The warmer weather is upon us in Southern California, and this has revived one of the fondest summer traditions of my childhood: being able to eat outside. Raised in Normandy with many, many days of grey and rain (admittedly accountable for the amazing grass and thus, very healthy cows producing amazing cream and cheeses), I grew up valuing and savoring every second of sunny and warmer days. Meals savored outside felt like a joyous celebration of the end of the dreary tunnel that winter in Northern France can be.
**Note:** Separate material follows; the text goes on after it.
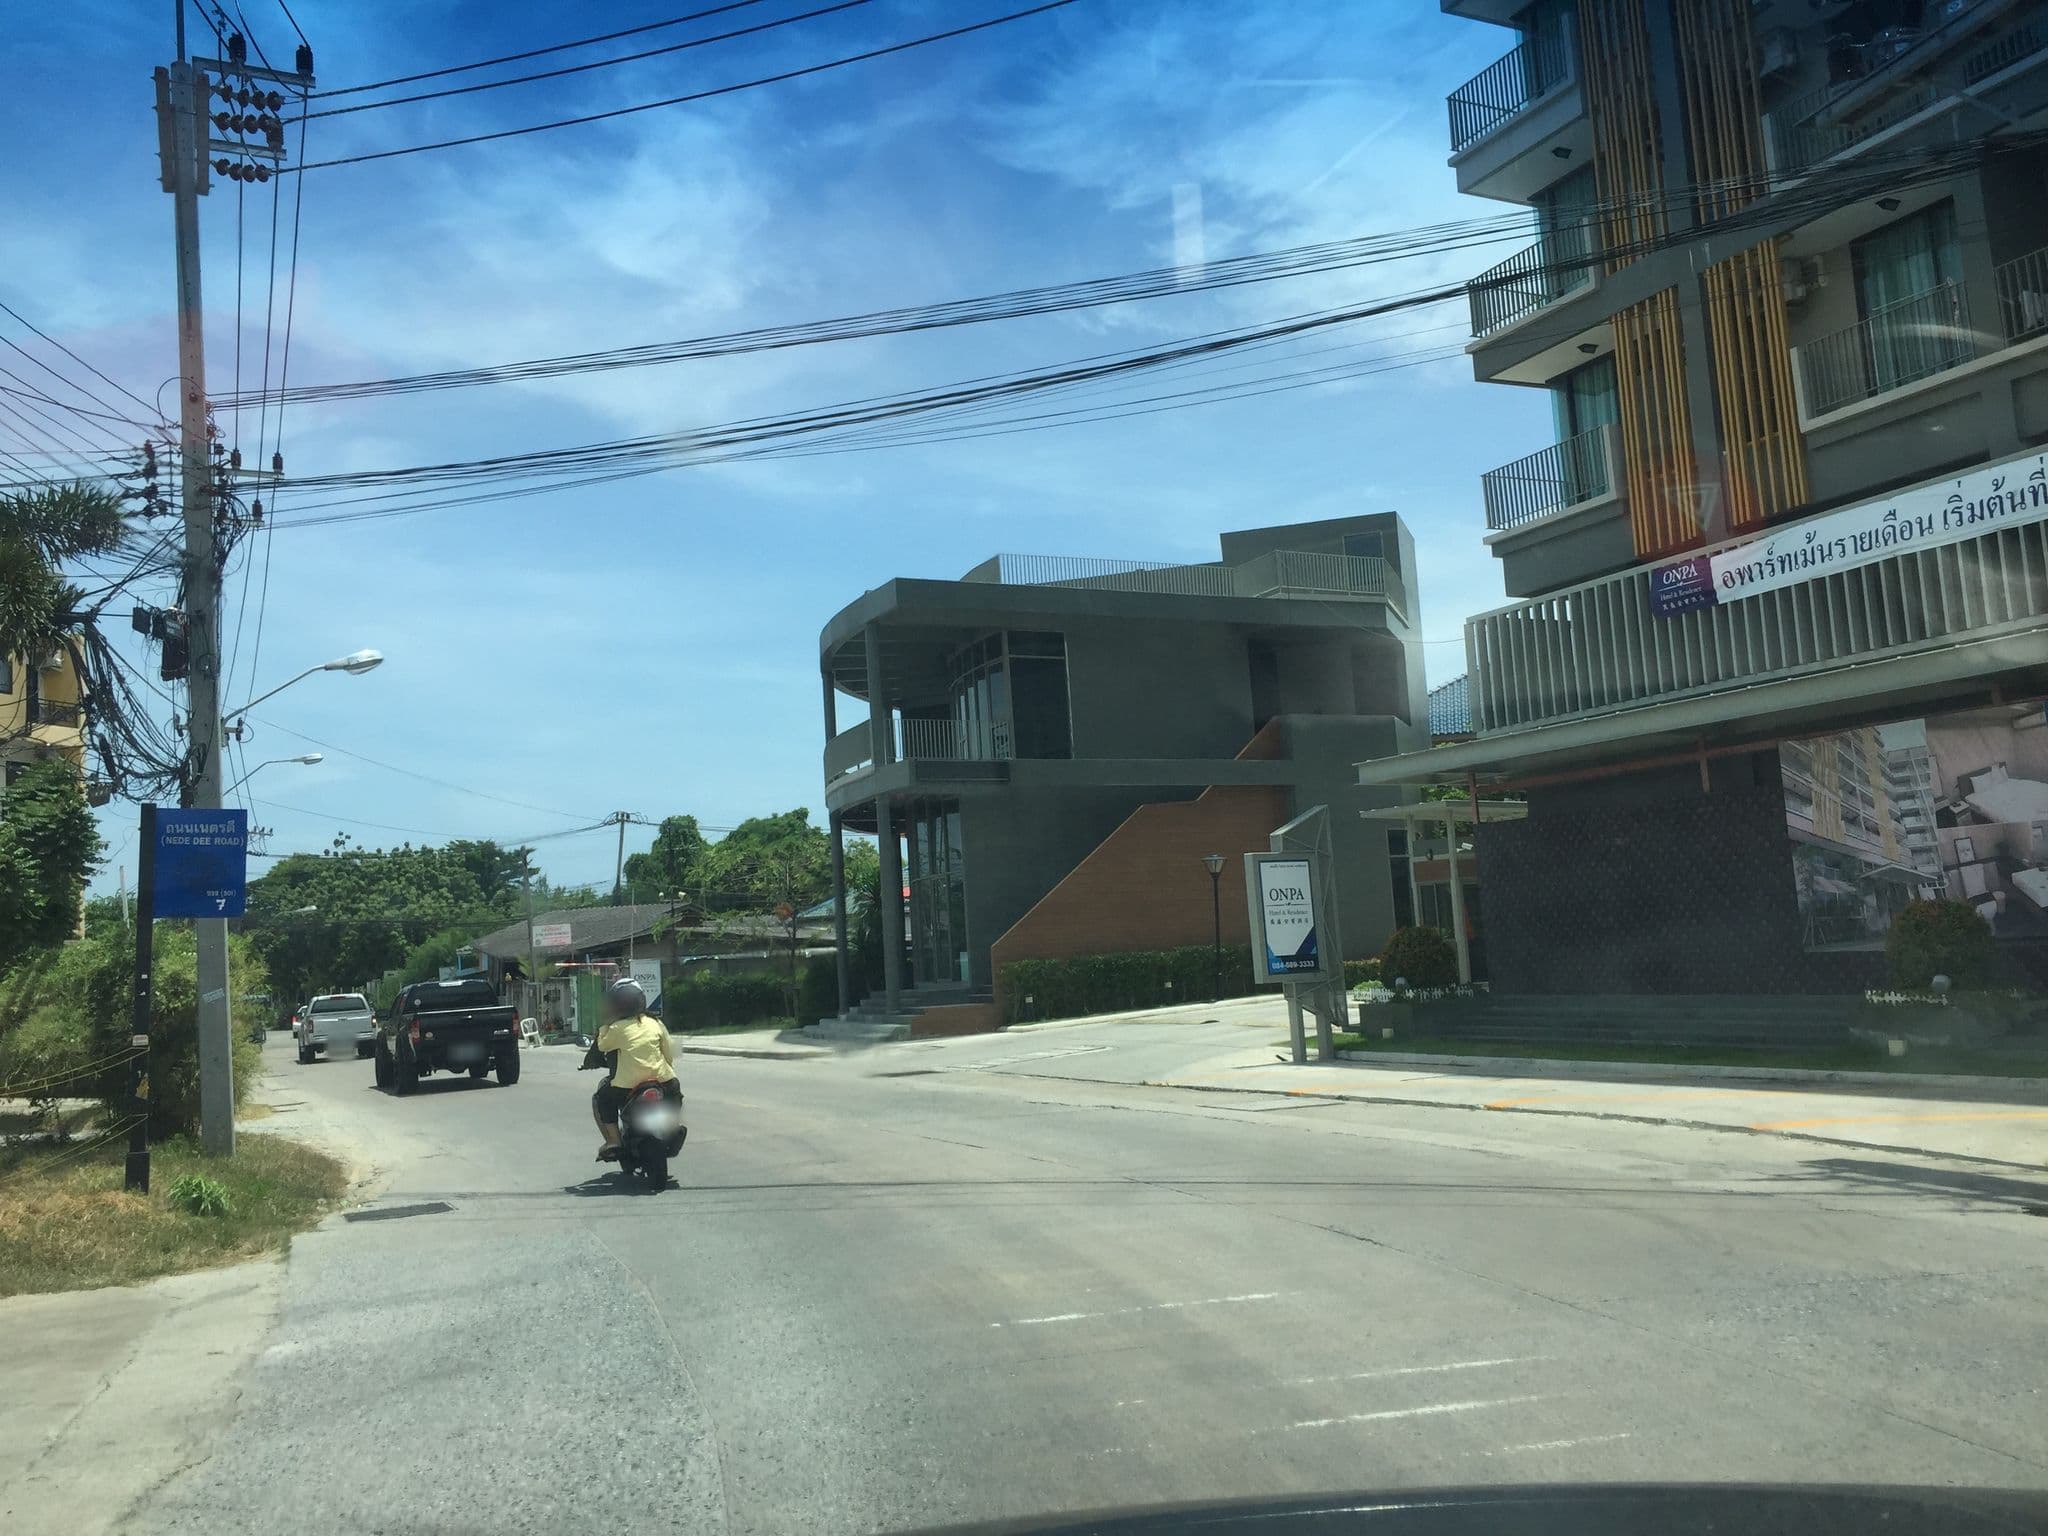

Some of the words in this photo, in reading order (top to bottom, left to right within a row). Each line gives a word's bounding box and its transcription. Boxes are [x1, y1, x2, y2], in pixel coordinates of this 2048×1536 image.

It felt like a rebirth, like one could finally fill one's lungs with a deep breath of fresh air. To sit down, feeling the sun on my back, listening to the sounds of the world out there, and eat a simple crudités salad, dipping bread in its vinaigrette... what a way to commune and connect with loved ones, with oneself, to slow down, take time. 

To take our  time. The very opposite of losing or wasting time. For being in the moment is the best possible use of our time. Cooking, eating are golden opportunities for us, to reclaim time.

The other night, after a long day of cooking and preparations for Pablo's birthday picnic, a day of people in a small kitchen, ovens going and stifling heat in the house, I suddenly felt the walls around me. I peered out the window to the garden, and just the thought of eating in the quiet dusk outside made me feel relieved, calm, like a sigh, an exhale. When we eat indoors, our meals are lovely, we take our time, we bond, we laugh and savor together, but everyday life is still there, around us, lurking. The cleaning, organizing that has yet to be done. The objects around us remind us of the past, sad or happy. Photos of lost ones. Gifts from the estranged. Images of past voyages. (Though this is the burden of adulthood, as young children do not (and cannot) project in this way. They are wired to be fully in the moment. There's too much fascination in the present to bother about the rest. Yet.) 

In contrast, when we eat outside, I glance at my herbs and strawberries in becoming, and I feel surrounded by the present and the future, by inner and outer growth and ripening. The descending light makes our other senses more attentive to the world around us: the smell of sundown, of the neighbors barbecuing; the song of the tireless mockingbird, of a firetruck in the distance, of an airplane going to a faraway land; the sensation of a passing evening breeze on the skin; the flavors on our plates.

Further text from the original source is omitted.